Task to carry out:
Output each record below exactly. No images go in the copy.

(Phrase grounding data)
++++

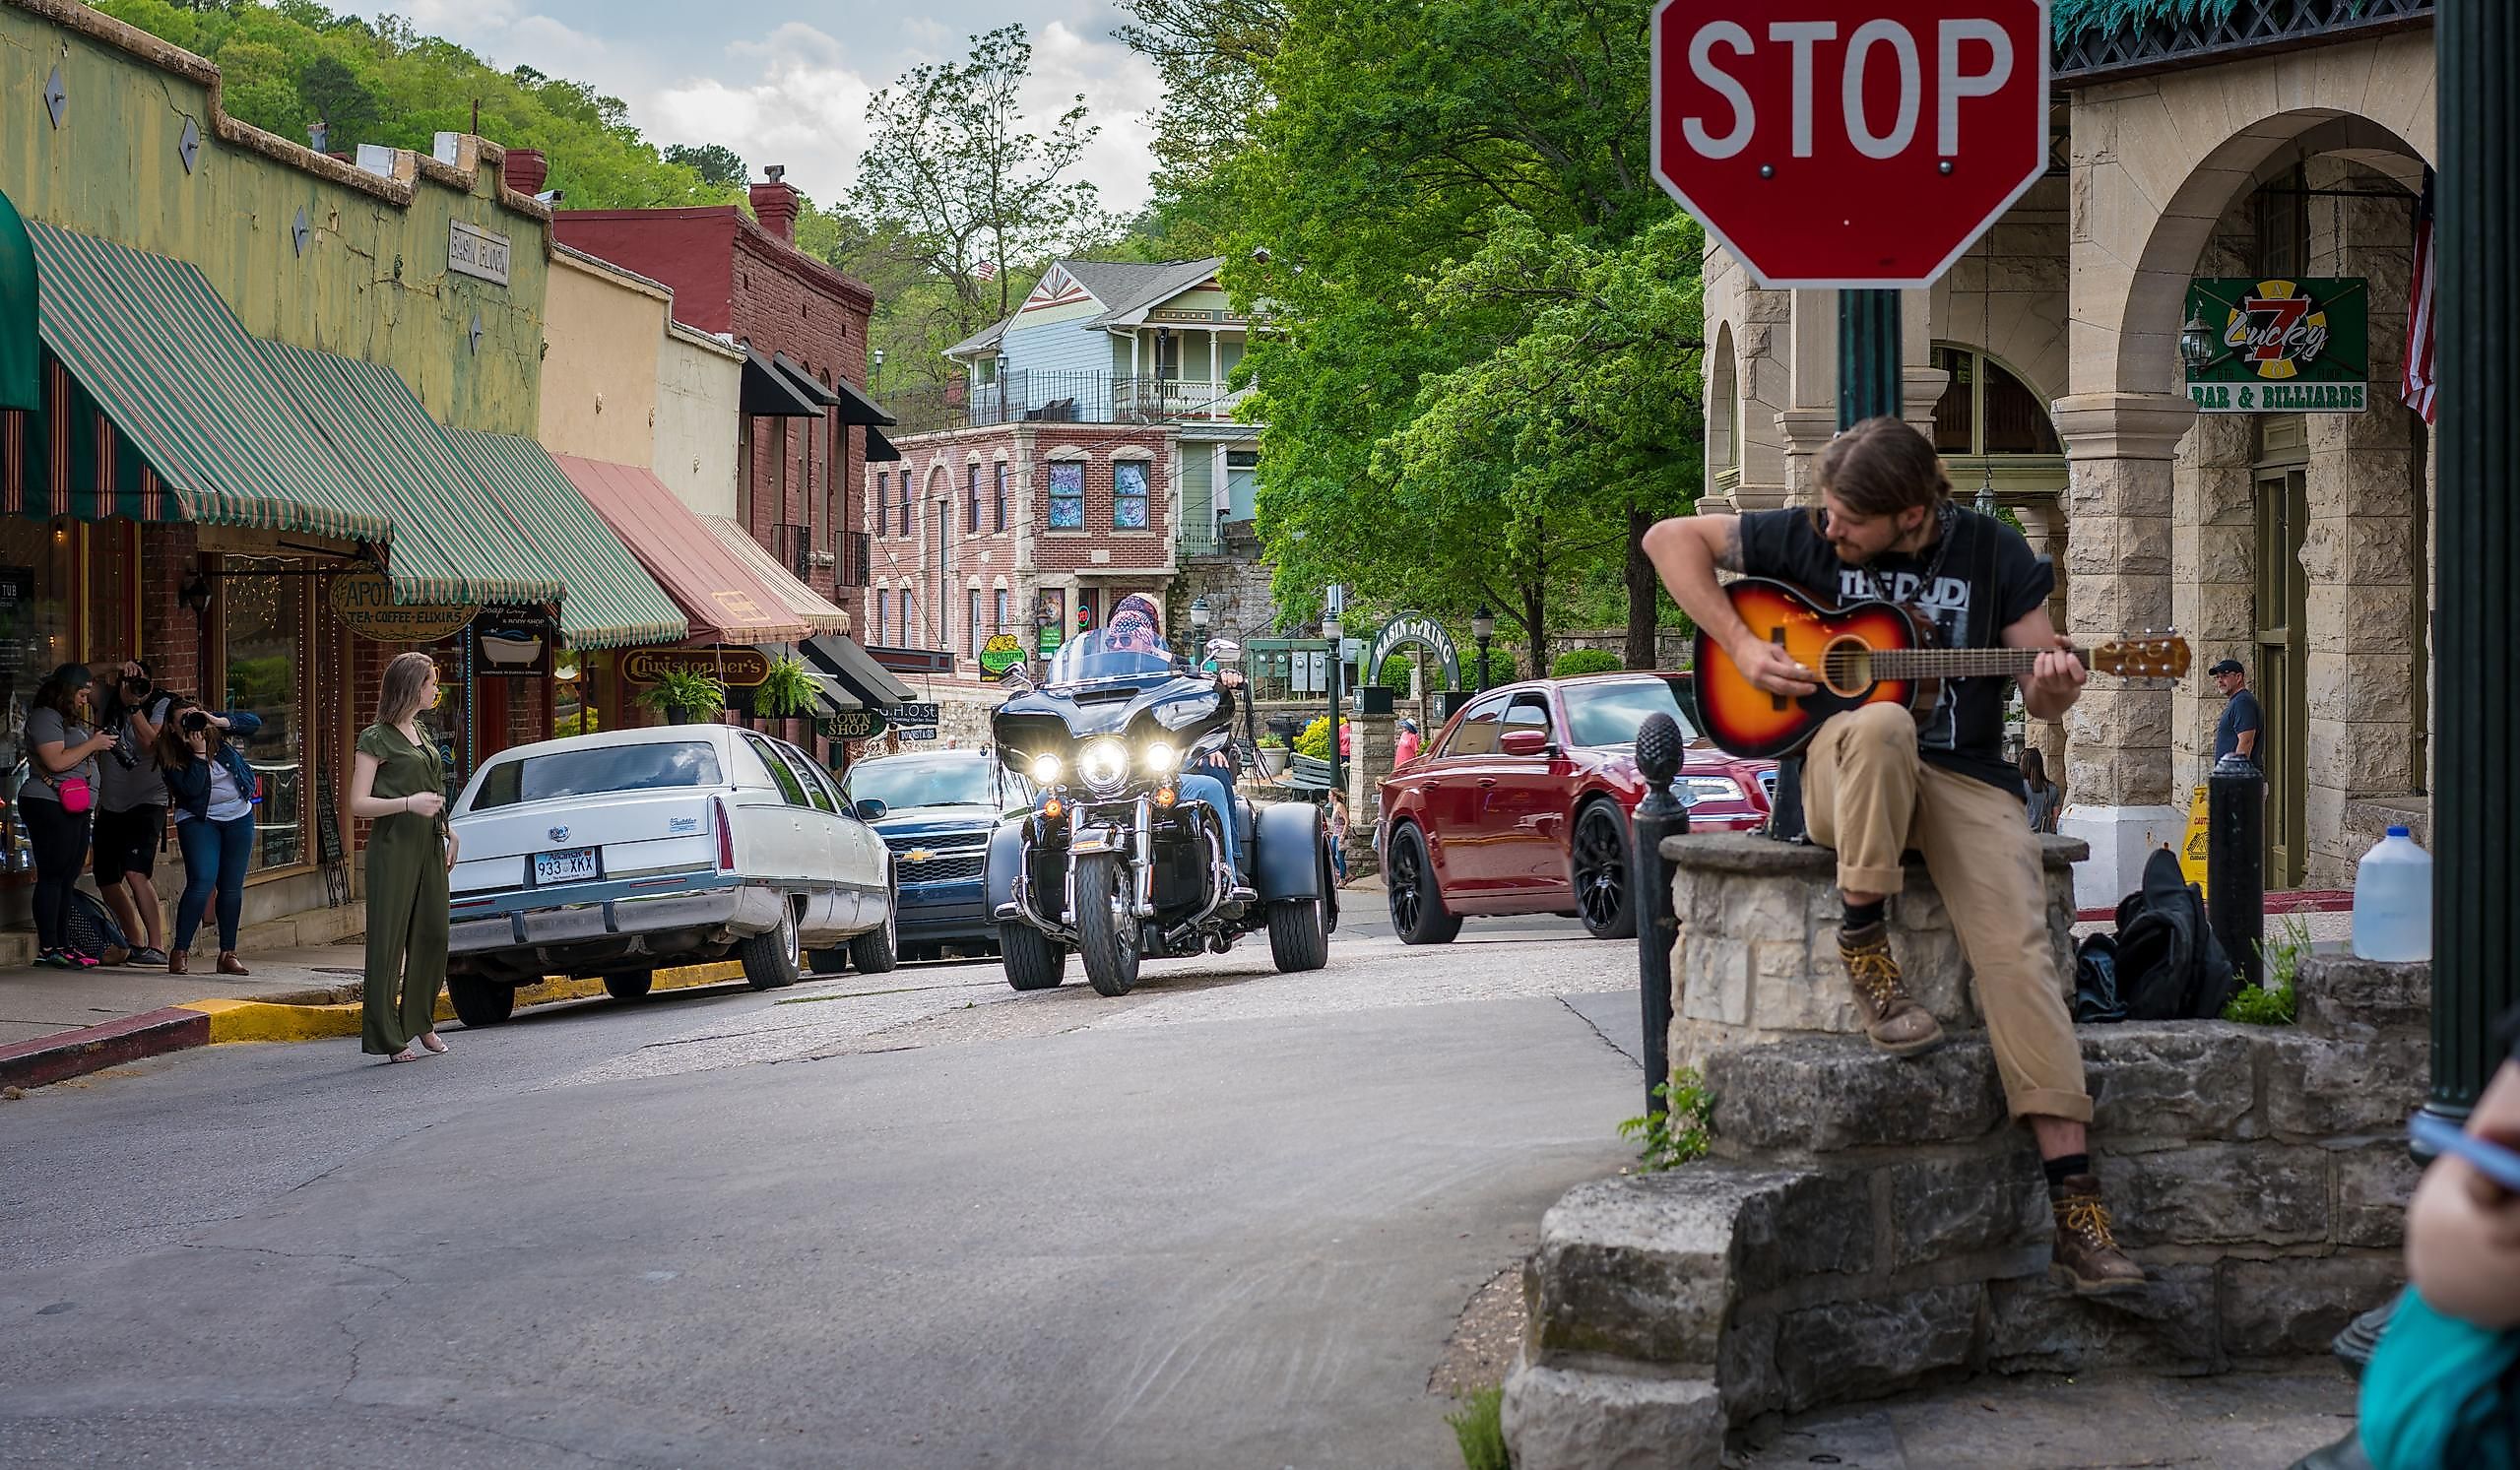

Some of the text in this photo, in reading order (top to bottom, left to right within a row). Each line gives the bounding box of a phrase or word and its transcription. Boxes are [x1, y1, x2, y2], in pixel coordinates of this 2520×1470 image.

[1682, 18, 2014, 160] STOP
[451, 235, 507, 277] BASIN BLOCK
[2224, 311, 2329, 361] Lucky
[2244, 294, 2312, 362] 7
[2191, 385, 2362, 409] BAR & BILLIARDS
[1375, 617, 1407, 665] BASIN
[828, 713, 872, 725] TOWN
[828, 724, 870, 735] SHOP
[2194, 816, 2208, 826] CAUT
[538, 857, 593, 876] 933 XKX
[549, 850, 582, 862] Arkansas
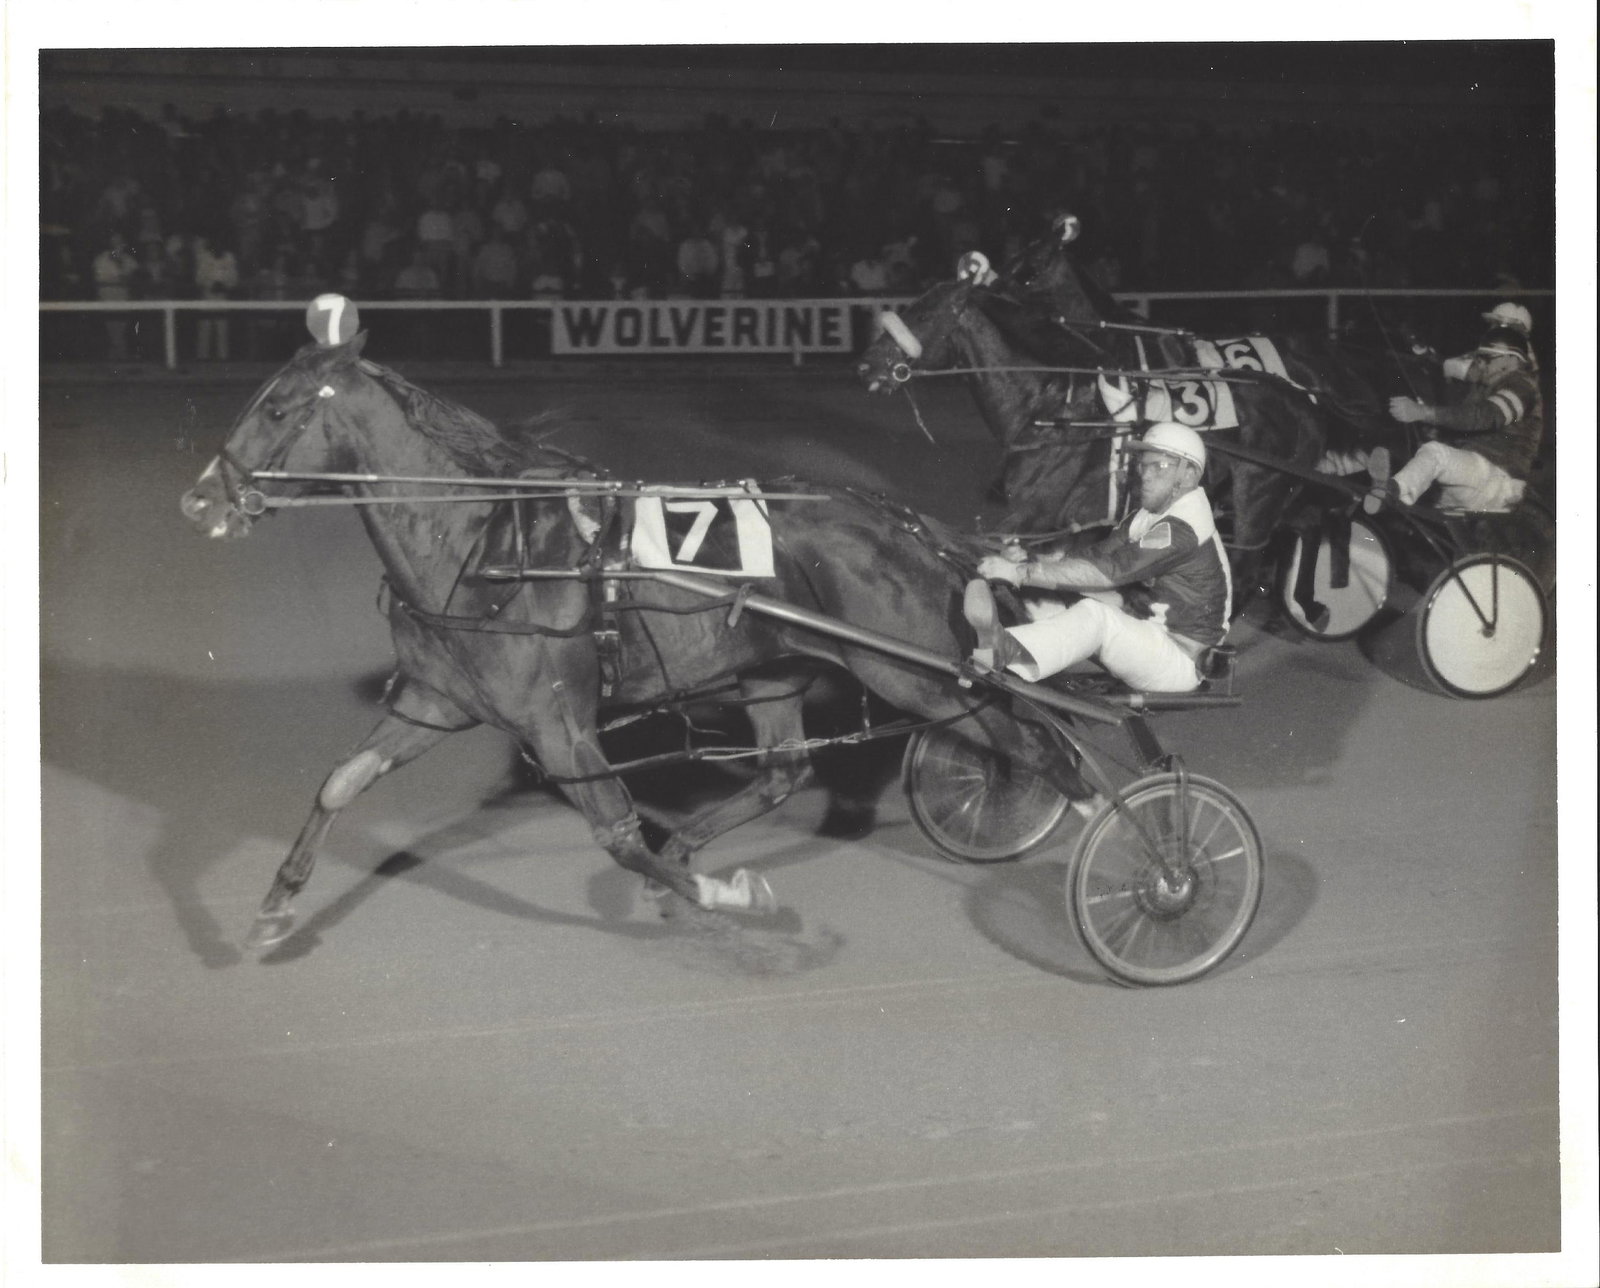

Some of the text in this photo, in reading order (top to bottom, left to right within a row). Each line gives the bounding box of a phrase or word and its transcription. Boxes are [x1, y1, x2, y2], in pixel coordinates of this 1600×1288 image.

[316, 296, 345, 345] 7
[561, 306, 843, 347] WOLVERINE
[1168, 380, 1209, 426] 3
[664, 501, 719, 562] 7
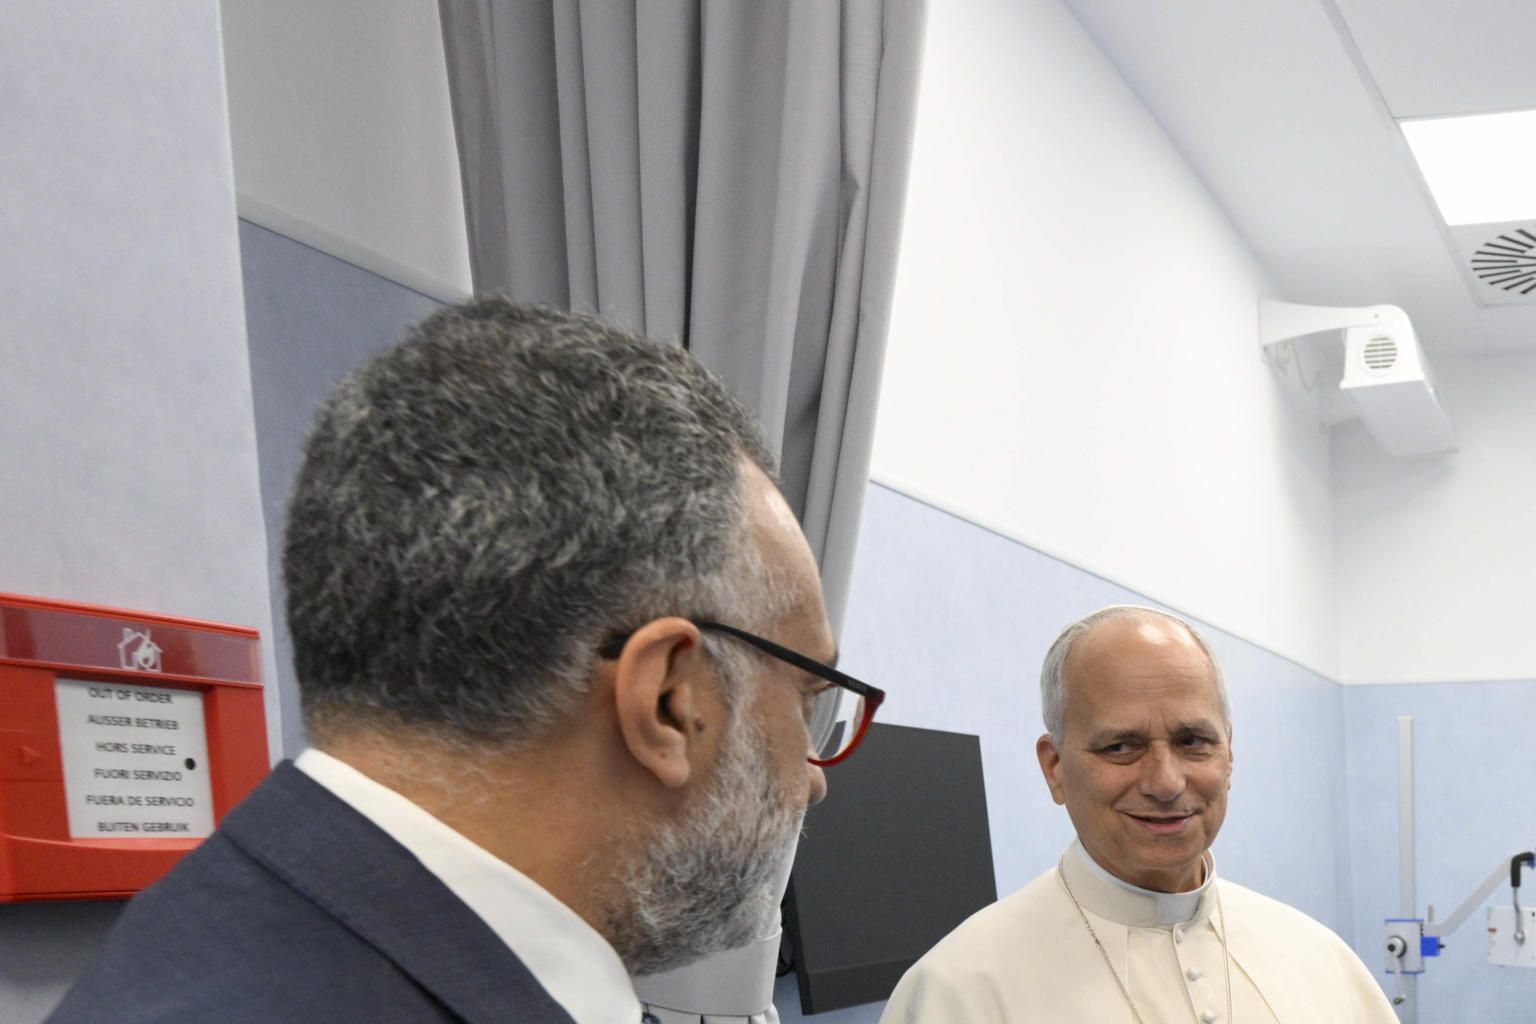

++++

Written reply:
Some of the text in this photo, in reading order (top to bottom, left to right within a row). Each line gives the bounding box of a phrase or word and its transcription. Boxes are [x1, y1, x2, y2], in pixel coordinates of this 2520×1470 image.

[1682, 18, 2014, 160] STOP
[451, 235, 507, 277] BASIN BLOCK
[2224, 311, 2329, 361] Lucky
[2244, 294, 2312, 362] 7
[2191, 385, 2362, 409] BAR & BILLIARDS
[1375, 617, 1407, 665] BASIN
[828, 713, 872, 725] TOWN
[828, 724, 870, 735] SHOP
[2194, 816, 2208, 826] CAUT
[538, 857, 593, 876] 933 XKX
[549, 850, 582, 862] Arkansas

Some of the text in this photo, in reading order (top to bottom, left to right within a row). Each line gives the bounding box of a phrase or word and its transcription. Boxes are [x1, y1, x2, y2], in pixel coordinates of this 1600×1288 image.

[316, 296, 345, 345] 7
[561, 306, 843, 347] WOLVERINE
[1168, 380, 1209, 426] 3
[664, 501, 719, 562] 7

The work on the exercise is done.